YOUR ASSIGNMENT
Lines from the one containing "this 1134×1344 image." through the final line of the entries below: reproduce them exactly, all of them and only them.

THE DATA
Content starts

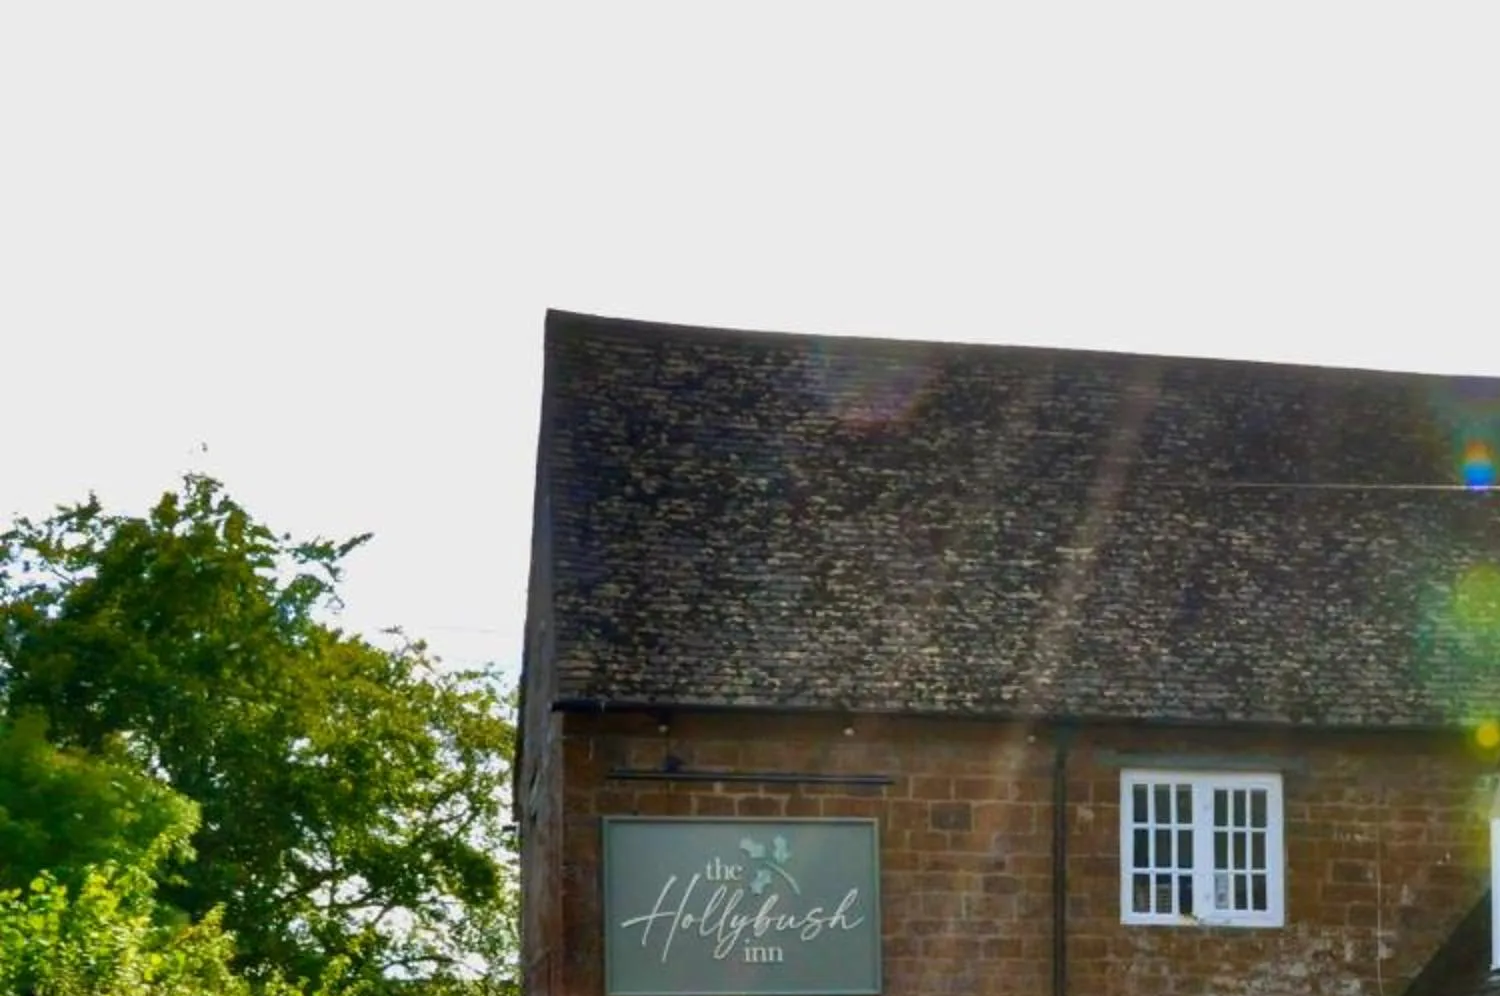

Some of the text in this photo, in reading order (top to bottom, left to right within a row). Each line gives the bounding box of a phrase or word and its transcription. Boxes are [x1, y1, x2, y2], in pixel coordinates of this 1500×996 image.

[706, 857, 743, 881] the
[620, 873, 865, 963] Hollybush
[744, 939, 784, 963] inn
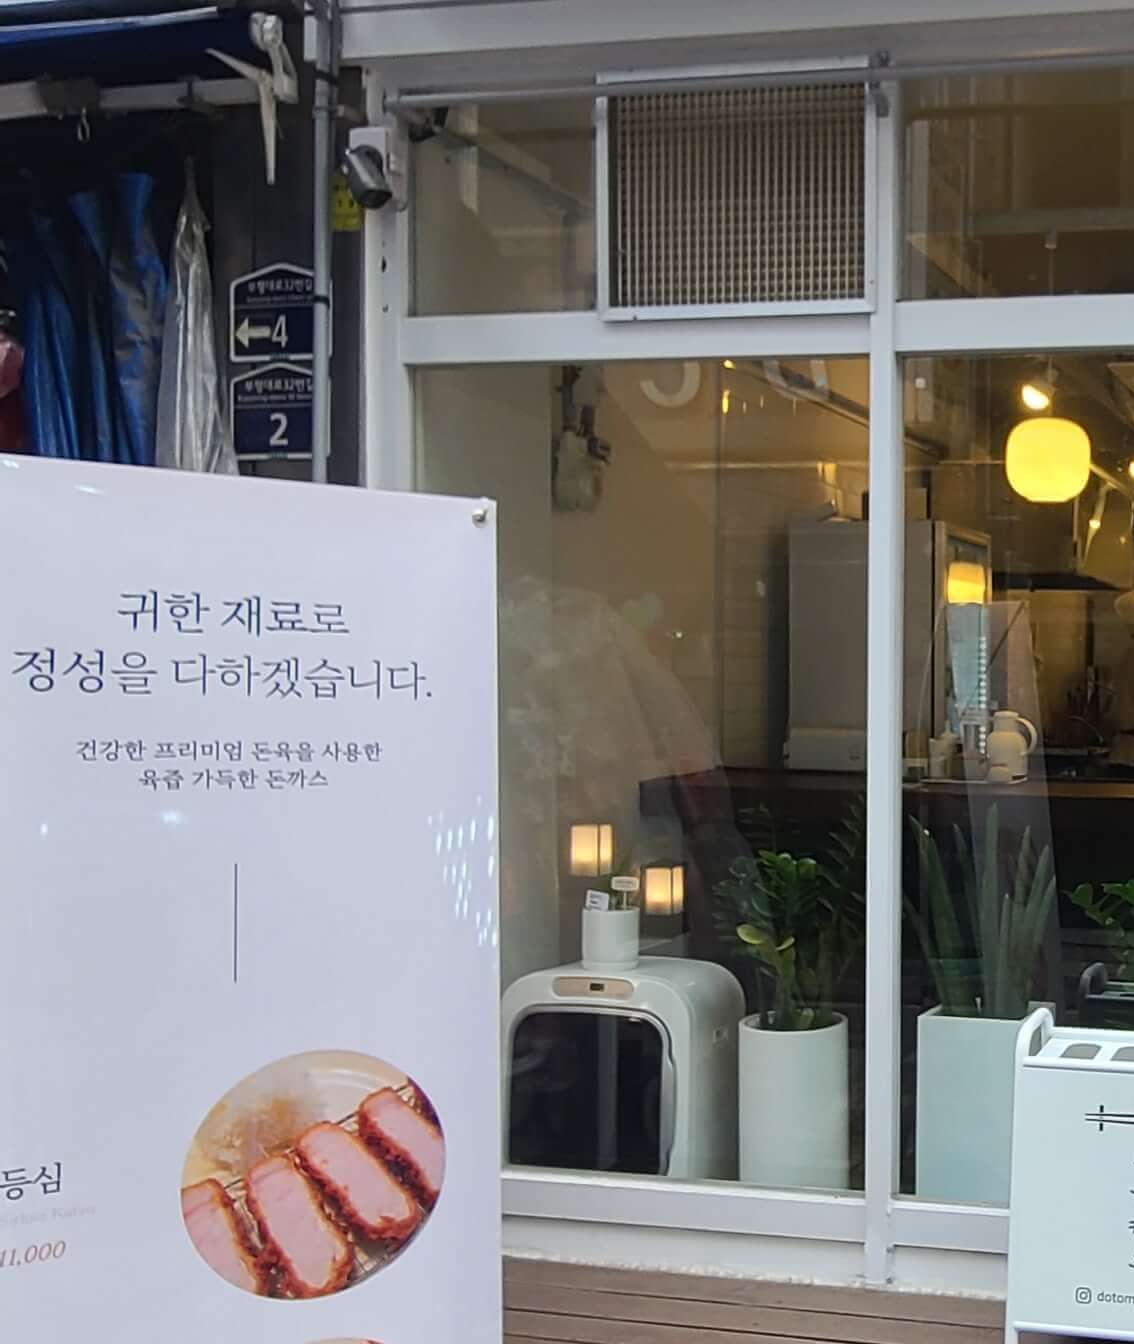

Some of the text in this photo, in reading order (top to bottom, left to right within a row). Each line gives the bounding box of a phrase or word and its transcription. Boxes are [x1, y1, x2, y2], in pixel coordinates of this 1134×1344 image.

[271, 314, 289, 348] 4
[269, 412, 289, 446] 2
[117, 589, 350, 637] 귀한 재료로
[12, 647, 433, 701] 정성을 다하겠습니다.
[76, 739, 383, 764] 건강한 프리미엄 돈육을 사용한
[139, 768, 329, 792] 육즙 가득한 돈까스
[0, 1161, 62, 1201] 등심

Content ends

YOUR SOLUTION
Some of the text in this photo, in reading order (top to bottom, left to right within a row). Each line gives the bounding box of a phrase or word and its transcription. Boxes are [x1, y1, x2, y2], in pixel coordinates of this 1134×1344 image.

[271, 314, 289, 348] 4
[269, 412, 289, 446] 2
[117, 589, 350, 637] 귀한 재료로
[12, 647, 433, 701] 정성을 다하겠습니다.
[76, 739, 383, 764] 건강한 프리미엄 돈육을 사용한
[139, 768, 329, 792] 육즙 가득한 돈까스
[0, 1161, 62, 1201] 등심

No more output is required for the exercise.